(Records to process):

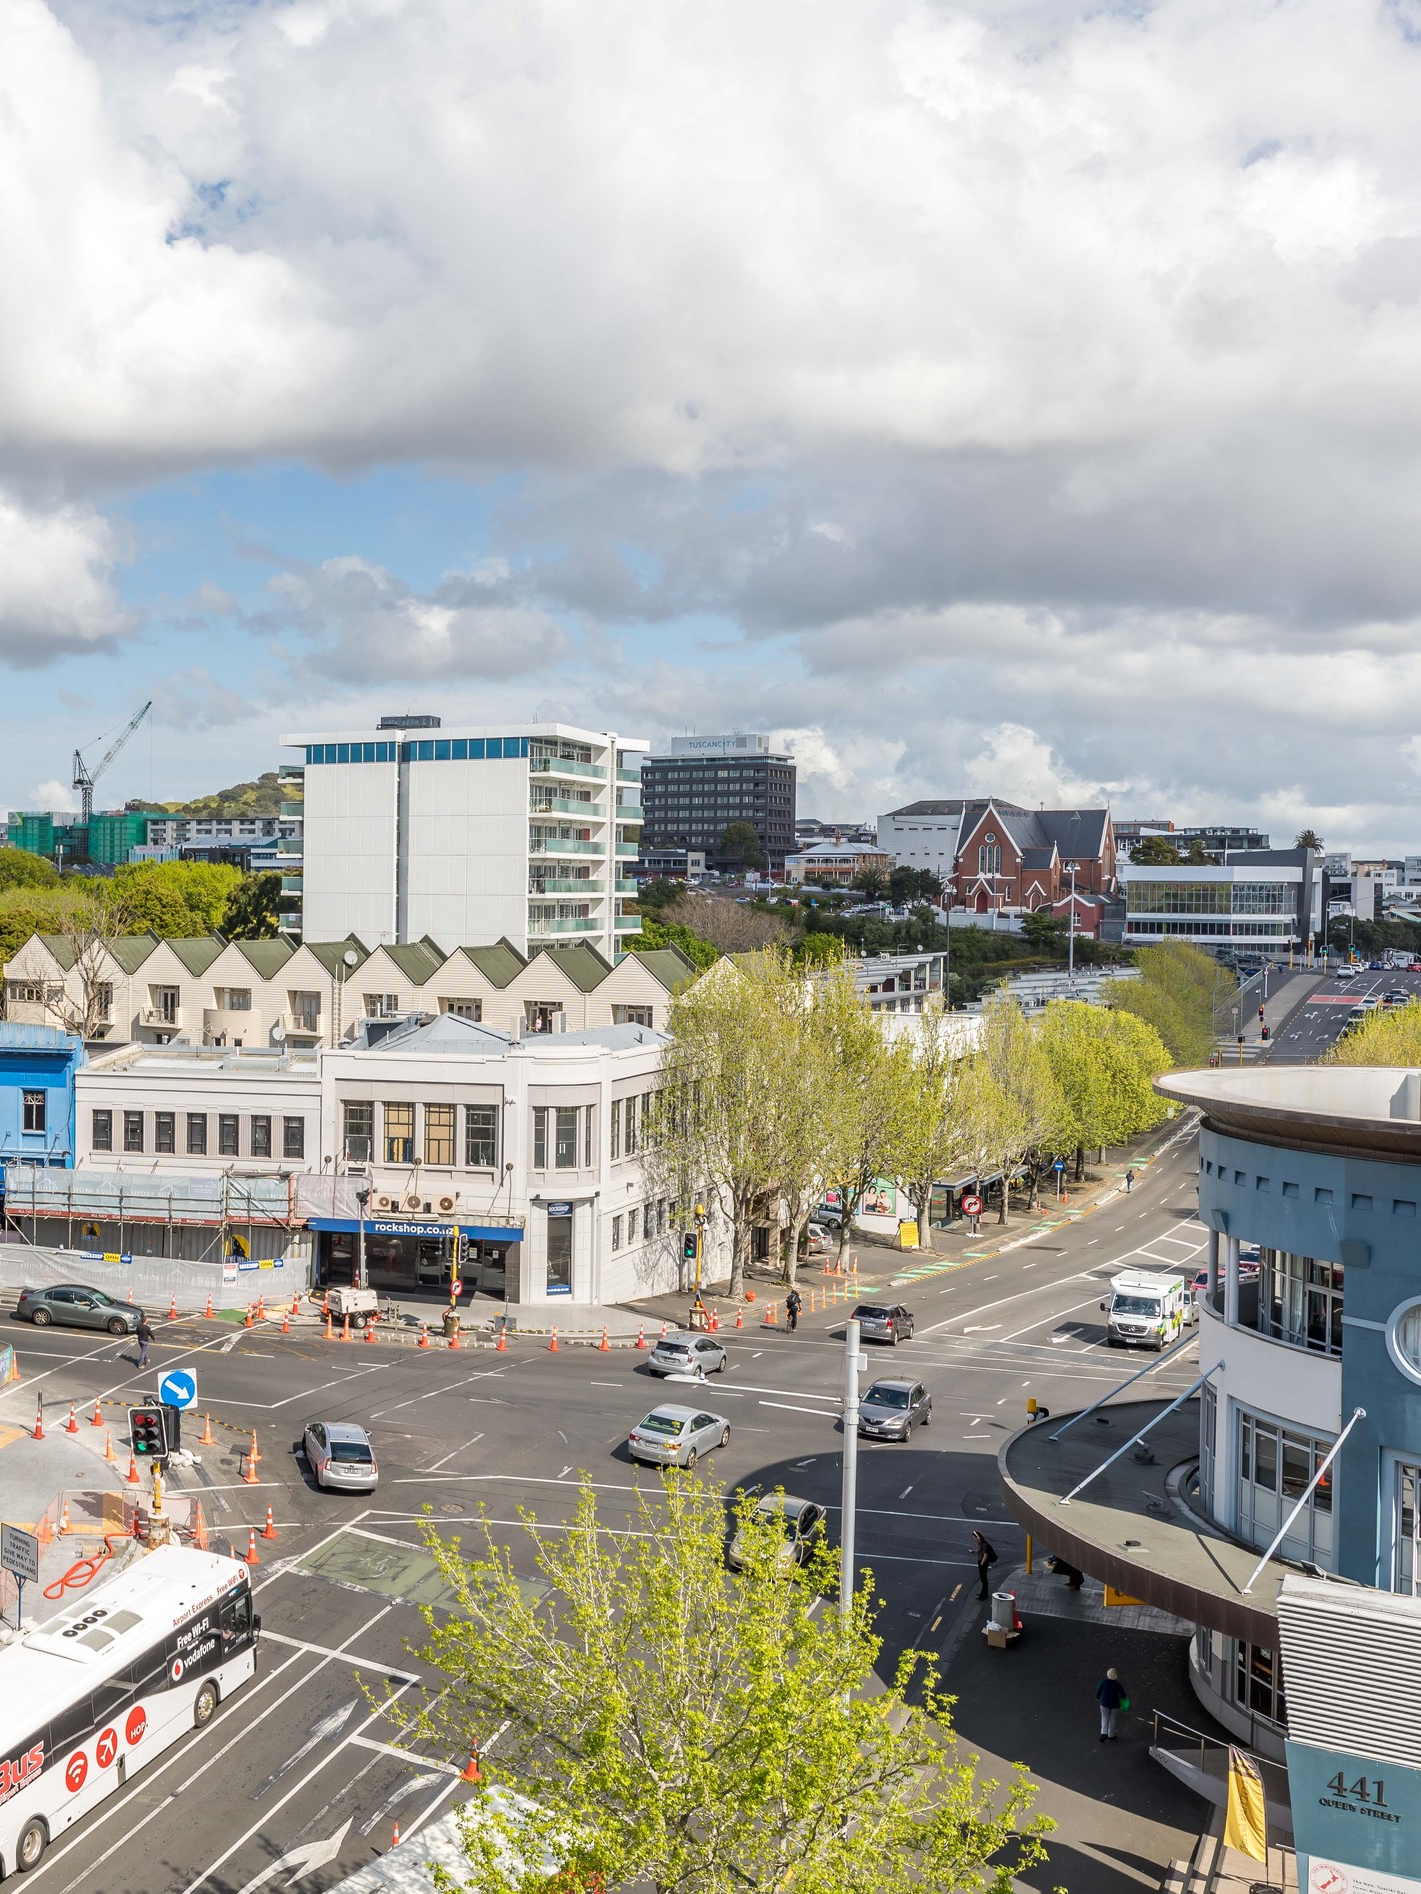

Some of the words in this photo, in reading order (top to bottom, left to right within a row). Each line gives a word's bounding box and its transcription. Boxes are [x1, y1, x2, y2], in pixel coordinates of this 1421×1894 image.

[9, 1533, 31, 1547] TURNING
[9, 1541, 30, 1556] TRAFFIC
[2, 1555, 37, 1576] PEDESTRIANS
[3, 1547, 16, 1558] GIVE
[16, 1553, 28, 1562] WAY
[28, 1558, 36, 1567] TO
[172, 1609, 191, 1627] Airport
[191, 1594, 214, 1614] Express
[216, 1584, 229, 1595] Free
[176, 1631, 193, 1650] Free
[183, 1638, 216, 1668] vodafone
[1326, 1771, 1389, 1807] 441
[1318, 1797, 1358, 1813] QUEEN
[1360, 1806, 1402, 1823] STREET

(What the task asks):
Exactly reproduce the entries above, minus the pictures.

(Task result):
Some of the words in this photo, in reading order (top to bottom, left to right within a row). Each line gives a word's bounding box and its transcription. Boxes are [x1, y1, x2, y2], in pixel coordinates of this 1421×1894 image.

[9, 1533, 31, 1547] TURNING
[9, 1541, 30, 1556] TRAFFIC
[2, 1555, 37, 1576] PEDESTRIANS
[3, 1547, 16, 1558] GIVE
[16, 1553, 28, 1562] WAY
[28, 1558, 36, 1567] TO
[172, 1609, 191, 1627] Airport
[191, 1594, 214, 1614] Express
[216, 1584, 229, 1595] Free
[176, 1631, 193, 1650] Free
[183, 1638, 216, 1668] vodafone
[1326, 1771, 1389, 1807] 441
[1318, 1797, 1358, 1813] QUEEN
[1360, 1806, 1402, 1823] STREET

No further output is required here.